Weaponized Diamonds, UFOs, and Neck-Biters: More Fantastical Story Arcs From Soap Operas

Whatever you may believe about soap operas is probably… accurate. They’re dated, interminable, look inexpensively made; they repeat storylines and often perpetuate dated stereotypes about what “family” is supposed to look like. But the soap opera is also an incredible, unique form of storytelling that has endured since even before radio, sometimes pushing boundaries and featuring radical storylines; they’re constructed under enormous pressure (shows like General Hospital crank out five hours of entertainment per week with no reruns) and are often considered “boot camp” for young actors just starting out in the business.
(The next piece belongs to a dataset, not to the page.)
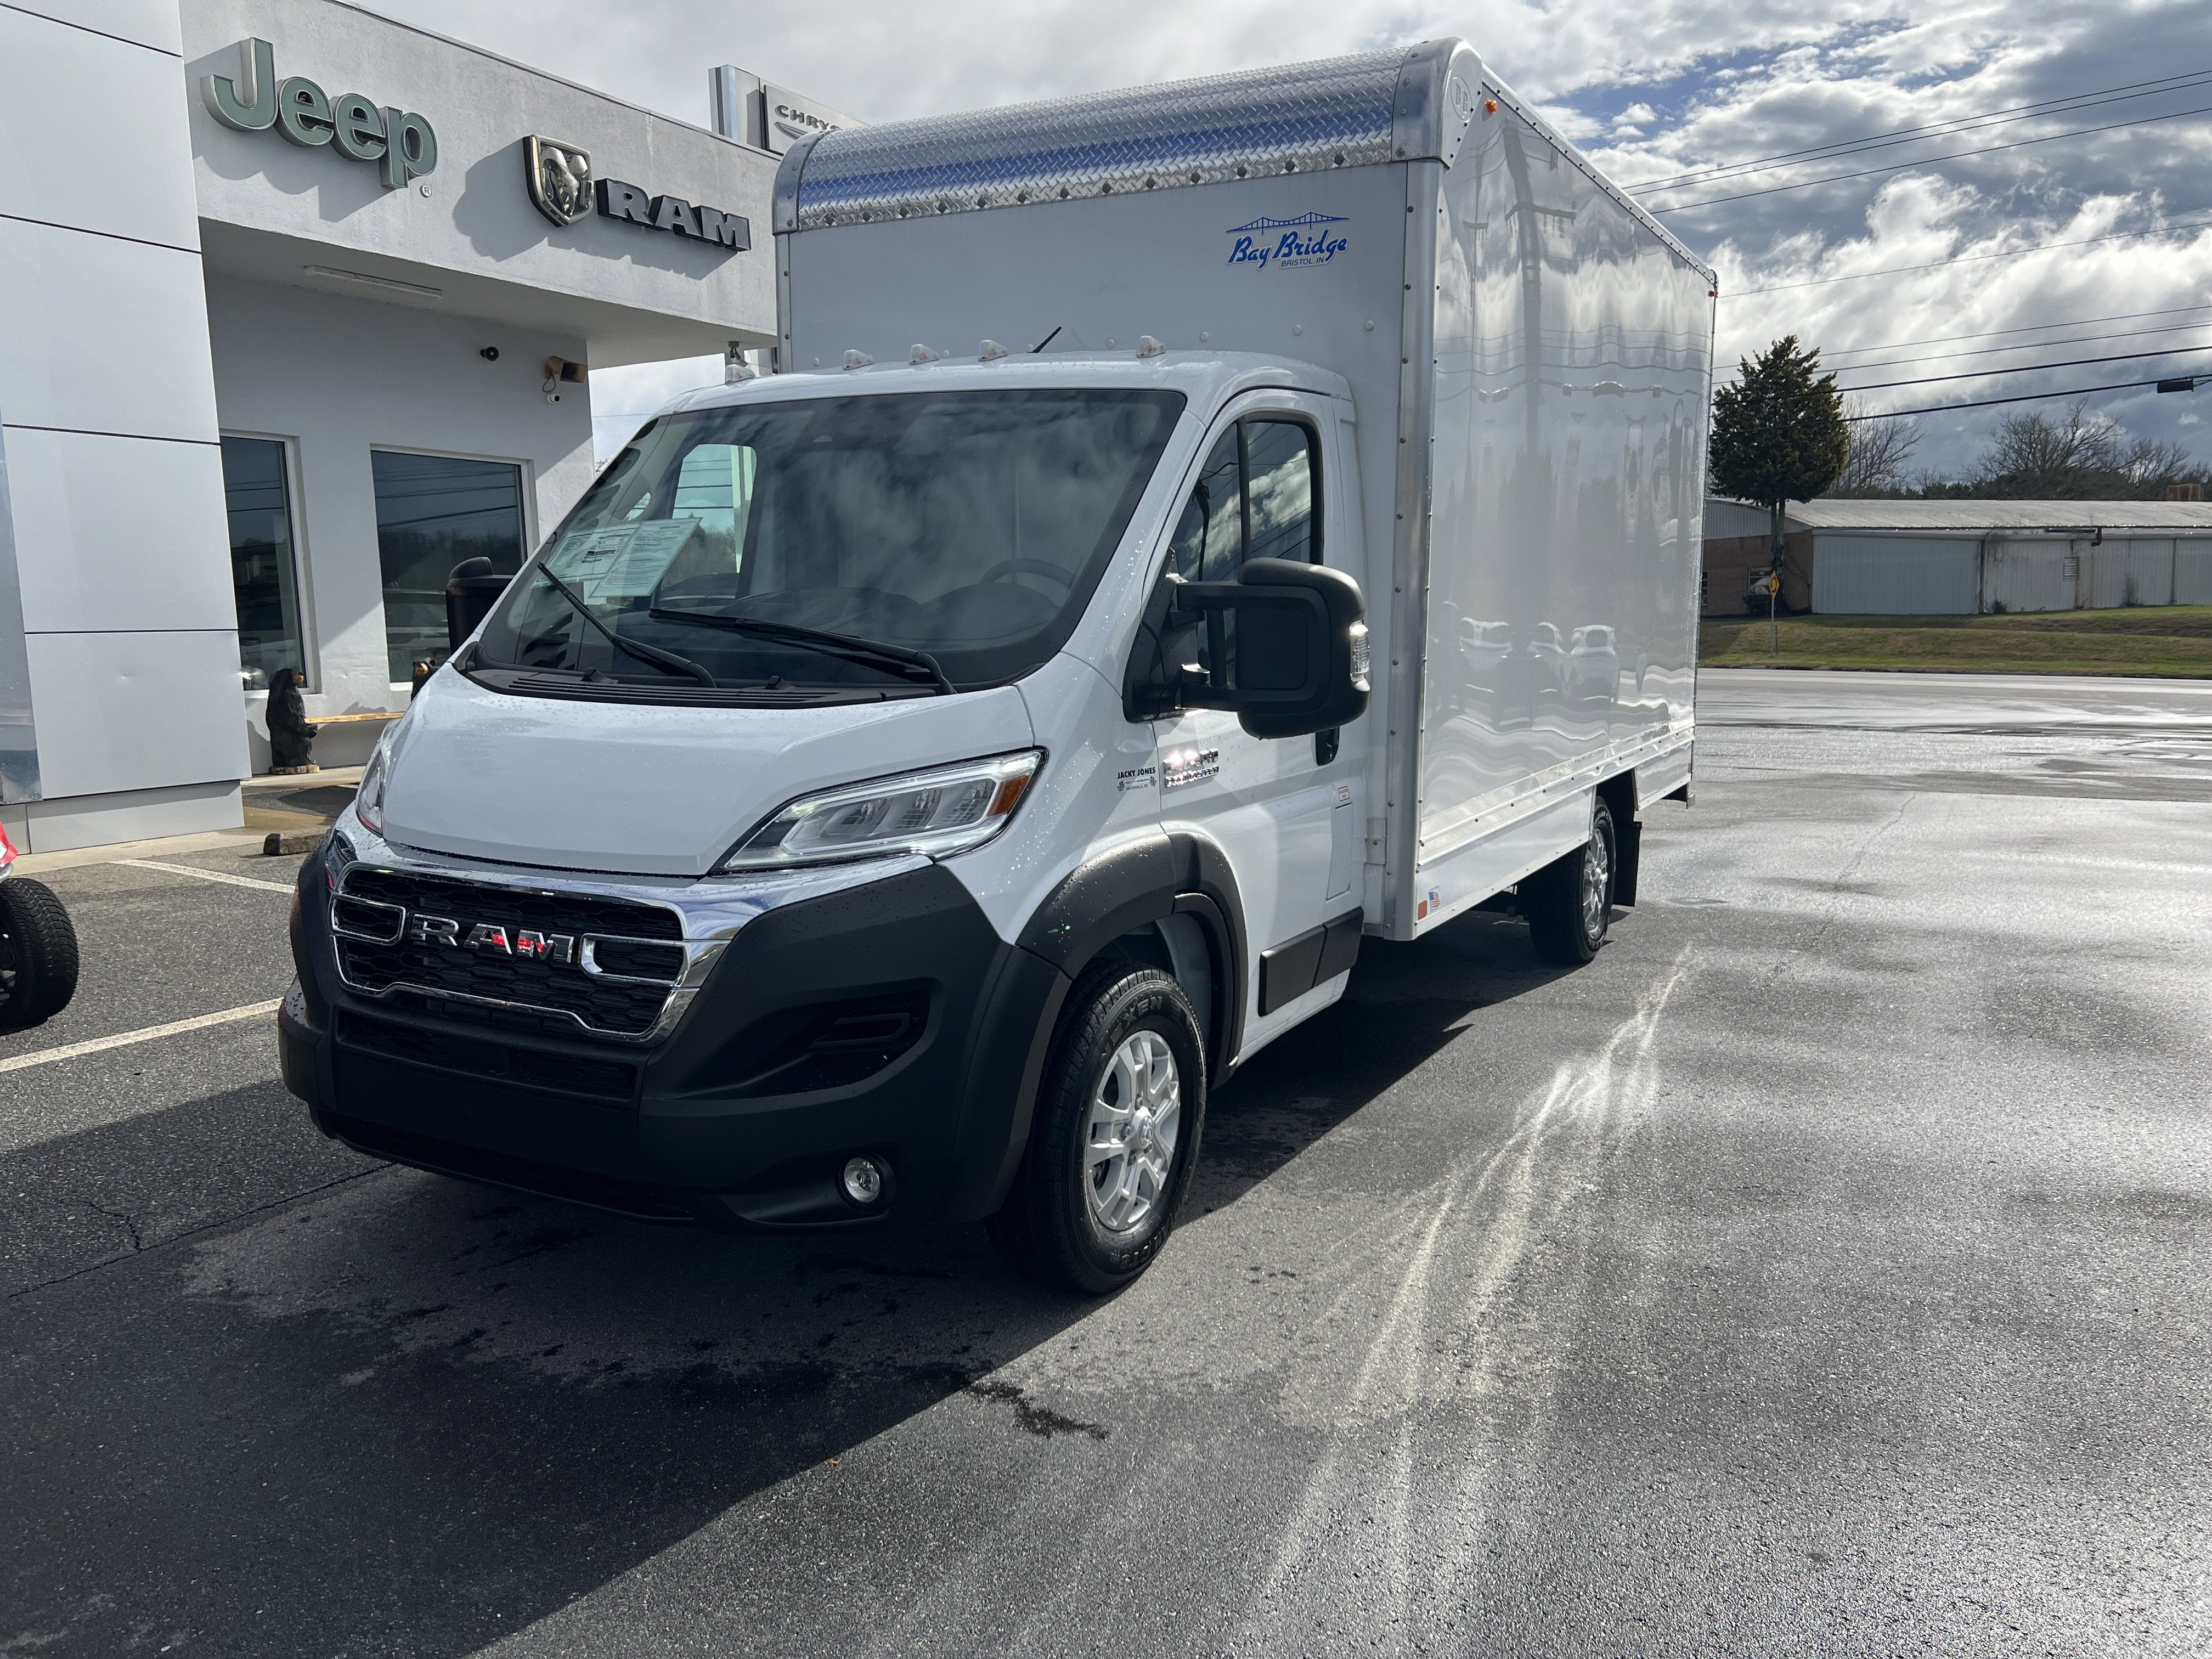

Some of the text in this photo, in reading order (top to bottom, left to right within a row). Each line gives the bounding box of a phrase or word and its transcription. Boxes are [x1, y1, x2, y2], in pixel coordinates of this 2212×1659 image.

And sometimes, they need a break from all of the “who’s the daddy” and “wedding of the decade” stories. Which is how we—and they—end up here: taking a slight breather from outlandish DNA tests and secret love triangles to enjoy some totally bonkers spec fic arcs sure to quicken the pulse of fantasy, science-fiction and horror fans everywhere. When soaps open themselves up to the genre universe, inserting their typically mundane characters into over-the-top tales filled with laser beams, time travel, and even super powers, it’s enough to give you whiplash of the best possible kind. We love the urban fantasy vibe of these tales, in which the ordinary lives alongside the impossible.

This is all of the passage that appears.